Impact & The Road Ahead
These advancements have profound implications across the AI/ML landscape. From improving the sustainability of large-scale cloud infrastructure with energy-aware container orchestration as seen in “Experimenting with Energy-Awareness in Edge-Cloud Containerized Application Orchestration” by D. Ali and R. C. Sofia from fortiss research institute, to making AI accessible on tiny edge devices, the research is pushing the boundaries of what’s possible. Conversational agents like SPARA, presented in “Conversational Agents for Building Energy Efficiency – Advising Housing Cooperatives in Stockholm on Reducing Energy Consumption” by KTH Royal Institute of Technology, demonstrate AI’s potential to directly guide energy-saving efforts in real-world scenarios, achieving expert-level precision in advising on building retrofitting.

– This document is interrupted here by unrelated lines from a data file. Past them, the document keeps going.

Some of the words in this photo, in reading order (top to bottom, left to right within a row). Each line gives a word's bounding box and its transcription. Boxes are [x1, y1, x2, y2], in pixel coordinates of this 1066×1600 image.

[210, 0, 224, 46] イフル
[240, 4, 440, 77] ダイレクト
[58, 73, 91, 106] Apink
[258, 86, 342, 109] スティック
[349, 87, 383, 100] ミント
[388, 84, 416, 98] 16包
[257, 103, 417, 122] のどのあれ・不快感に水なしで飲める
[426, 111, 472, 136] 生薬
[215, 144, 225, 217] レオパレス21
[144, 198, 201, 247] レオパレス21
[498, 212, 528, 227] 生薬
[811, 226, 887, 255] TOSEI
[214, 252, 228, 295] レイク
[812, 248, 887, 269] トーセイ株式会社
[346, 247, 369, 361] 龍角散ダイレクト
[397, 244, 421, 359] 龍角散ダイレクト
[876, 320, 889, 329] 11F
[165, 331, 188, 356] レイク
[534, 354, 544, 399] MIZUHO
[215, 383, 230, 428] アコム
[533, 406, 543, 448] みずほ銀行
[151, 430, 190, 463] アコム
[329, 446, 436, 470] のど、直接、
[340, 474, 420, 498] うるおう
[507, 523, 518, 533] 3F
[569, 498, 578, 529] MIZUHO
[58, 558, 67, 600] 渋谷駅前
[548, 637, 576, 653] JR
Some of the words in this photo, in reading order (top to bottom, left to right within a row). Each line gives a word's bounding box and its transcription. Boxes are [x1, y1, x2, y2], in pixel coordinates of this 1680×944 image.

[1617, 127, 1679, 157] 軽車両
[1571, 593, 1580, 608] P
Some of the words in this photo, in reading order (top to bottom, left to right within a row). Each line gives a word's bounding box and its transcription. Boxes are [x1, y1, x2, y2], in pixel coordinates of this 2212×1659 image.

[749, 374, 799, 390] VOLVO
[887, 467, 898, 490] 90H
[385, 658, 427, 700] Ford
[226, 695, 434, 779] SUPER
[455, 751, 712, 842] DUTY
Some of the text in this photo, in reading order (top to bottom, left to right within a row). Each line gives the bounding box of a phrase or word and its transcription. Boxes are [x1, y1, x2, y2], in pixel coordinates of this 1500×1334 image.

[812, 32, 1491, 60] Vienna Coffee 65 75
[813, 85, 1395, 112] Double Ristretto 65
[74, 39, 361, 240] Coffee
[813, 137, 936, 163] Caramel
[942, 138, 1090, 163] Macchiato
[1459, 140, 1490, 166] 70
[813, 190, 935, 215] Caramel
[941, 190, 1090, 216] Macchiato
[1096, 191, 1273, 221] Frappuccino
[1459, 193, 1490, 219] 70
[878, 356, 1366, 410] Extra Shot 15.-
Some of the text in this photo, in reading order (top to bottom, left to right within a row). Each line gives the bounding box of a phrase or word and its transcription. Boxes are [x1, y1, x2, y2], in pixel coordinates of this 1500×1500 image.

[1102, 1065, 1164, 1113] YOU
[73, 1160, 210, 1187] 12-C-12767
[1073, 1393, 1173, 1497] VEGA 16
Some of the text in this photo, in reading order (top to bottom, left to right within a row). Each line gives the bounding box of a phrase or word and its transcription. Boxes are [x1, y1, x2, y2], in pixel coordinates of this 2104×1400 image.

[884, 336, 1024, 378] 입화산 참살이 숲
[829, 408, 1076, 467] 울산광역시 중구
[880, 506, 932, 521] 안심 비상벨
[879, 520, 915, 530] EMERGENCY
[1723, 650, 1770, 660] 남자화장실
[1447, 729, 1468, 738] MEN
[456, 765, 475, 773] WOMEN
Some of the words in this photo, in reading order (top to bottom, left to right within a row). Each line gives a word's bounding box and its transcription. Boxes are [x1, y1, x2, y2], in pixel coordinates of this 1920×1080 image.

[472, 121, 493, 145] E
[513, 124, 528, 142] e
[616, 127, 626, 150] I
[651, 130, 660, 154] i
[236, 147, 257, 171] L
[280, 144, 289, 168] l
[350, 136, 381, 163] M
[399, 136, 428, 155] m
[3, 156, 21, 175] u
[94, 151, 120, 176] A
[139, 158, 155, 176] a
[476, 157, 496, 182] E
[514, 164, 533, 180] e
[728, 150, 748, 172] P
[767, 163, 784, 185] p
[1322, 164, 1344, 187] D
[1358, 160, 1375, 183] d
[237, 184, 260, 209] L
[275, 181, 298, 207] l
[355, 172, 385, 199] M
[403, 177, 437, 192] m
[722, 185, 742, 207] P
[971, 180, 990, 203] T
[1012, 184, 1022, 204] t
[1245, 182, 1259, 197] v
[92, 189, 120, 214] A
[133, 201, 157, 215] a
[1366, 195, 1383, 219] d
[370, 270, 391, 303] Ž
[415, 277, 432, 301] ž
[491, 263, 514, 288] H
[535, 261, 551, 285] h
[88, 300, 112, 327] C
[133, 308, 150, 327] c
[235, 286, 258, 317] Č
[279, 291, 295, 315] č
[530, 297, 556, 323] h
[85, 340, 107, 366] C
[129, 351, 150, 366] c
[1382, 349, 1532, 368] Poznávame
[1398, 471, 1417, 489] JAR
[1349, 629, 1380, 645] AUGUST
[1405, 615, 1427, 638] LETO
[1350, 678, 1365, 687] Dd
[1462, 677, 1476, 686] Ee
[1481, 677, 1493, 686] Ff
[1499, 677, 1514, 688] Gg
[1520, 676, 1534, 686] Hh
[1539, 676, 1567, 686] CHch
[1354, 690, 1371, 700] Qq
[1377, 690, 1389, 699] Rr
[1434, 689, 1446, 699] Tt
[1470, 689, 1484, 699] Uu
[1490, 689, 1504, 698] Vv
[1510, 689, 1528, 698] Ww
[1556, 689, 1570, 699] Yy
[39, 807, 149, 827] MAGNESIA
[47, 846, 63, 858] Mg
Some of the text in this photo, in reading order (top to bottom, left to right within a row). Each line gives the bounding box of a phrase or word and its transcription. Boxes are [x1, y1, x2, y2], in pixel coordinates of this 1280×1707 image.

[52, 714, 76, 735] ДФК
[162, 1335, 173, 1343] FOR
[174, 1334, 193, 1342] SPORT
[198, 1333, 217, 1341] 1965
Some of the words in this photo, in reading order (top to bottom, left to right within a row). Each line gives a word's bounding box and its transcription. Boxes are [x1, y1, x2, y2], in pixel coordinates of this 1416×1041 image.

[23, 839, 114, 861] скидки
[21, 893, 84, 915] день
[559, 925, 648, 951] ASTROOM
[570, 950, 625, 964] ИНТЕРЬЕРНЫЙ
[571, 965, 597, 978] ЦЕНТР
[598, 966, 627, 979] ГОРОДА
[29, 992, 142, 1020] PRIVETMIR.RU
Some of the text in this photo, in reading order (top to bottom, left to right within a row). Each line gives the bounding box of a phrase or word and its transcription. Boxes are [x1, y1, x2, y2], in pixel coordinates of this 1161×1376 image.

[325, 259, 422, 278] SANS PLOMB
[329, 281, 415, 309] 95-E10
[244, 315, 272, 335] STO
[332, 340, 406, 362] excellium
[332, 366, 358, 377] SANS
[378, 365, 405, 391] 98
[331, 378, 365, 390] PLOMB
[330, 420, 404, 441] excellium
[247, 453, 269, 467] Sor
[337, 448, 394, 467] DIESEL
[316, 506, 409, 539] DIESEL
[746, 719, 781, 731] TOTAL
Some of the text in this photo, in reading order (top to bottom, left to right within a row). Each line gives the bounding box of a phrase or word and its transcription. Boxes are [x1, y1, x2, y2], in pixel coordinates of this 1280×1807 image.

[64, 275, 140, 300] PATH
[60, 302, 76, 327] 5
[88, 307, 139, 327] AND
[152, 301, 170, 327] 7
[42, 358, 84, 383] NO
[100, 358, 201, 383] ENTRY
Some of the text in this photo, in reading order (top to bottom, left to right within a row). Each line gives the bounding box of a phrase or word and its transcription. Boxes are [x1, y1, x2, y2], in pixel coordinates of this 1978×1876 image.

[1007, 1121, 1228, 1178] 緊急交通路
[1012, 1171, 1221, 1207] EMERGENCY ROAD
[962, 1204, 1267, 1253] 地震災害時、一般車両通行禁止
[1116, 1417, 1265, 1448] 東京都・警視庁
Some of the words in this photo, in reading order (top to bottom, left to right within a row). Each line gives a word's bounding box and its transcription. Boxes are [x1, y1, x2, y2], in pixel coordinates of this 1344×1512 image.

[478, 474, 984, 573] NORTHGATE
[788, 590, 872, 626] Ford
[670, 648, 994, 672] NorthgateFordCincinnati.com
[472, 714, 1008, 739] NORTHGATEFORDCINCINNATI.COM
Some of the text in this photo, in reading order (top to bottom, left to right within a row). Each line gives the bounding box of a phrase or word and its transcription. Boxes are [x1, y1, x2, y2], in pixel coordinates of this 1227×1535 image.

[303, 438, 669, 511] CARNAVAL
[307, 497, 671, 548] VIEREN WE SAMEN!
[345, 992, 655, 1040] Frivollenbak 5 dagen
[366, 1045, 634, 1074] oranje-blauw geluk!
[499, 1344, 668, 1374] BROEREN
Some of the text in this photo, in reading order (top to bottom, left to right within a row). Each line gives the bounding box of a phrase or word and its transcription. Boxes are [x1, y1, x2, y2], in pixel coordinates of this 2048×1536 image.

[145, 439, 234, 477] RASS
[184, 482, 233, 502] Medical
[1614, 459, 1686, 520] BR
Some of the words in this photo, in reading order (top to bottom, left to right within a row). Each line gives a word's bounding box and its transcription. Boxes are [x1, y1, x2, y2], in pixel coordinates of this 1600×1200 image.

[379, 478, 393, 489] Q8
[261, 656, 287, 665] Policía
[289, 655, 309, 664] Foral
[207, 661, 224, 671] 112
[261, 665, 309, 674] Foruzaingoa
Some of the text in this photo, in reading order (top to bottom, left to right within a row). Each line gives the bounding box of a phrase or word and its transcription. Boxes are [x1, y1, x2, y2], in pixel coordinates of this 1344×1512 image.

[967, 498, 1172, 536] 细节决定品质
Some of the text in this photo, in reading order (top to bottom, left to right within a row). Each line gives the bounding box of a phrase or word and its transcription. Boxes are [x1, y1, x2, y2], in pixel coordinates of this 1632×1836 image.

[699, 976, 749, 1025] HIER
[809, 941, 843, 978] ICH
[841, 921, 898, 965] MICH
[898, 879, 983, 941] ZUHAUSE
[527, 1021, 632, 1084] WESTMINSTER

Looking ahead, the integration of insights from biological systems, as explored in “The Demon Hidden Behind Life’s Ultra-Energy-Efficient Information Processing – Demonstrated by Biological Molecular Motors” by Toshio Yanagida et al., promises to revolutionize computing by leveraging probabilistic fluctuations and noise as computational resources, vastly outperforming current digital computation in energy efficiency. This could inspire entirely new AI architectures. Moreover, “Geospatial Foundation Models to Enable Progress on Sustainable Development Goals” introduces SustainFM, a framework to evaluate FMs against SDGs, highlighting the importance of not just accuracy, but also energy efficiency and ethical considerations for responsible AI deployment. The path forward involves continued interdisciplinary collaboration, pushing the boundaries of hardware-software co-design, and drawing inspiration from nature to build a truly sustainable and intelligent future for AI.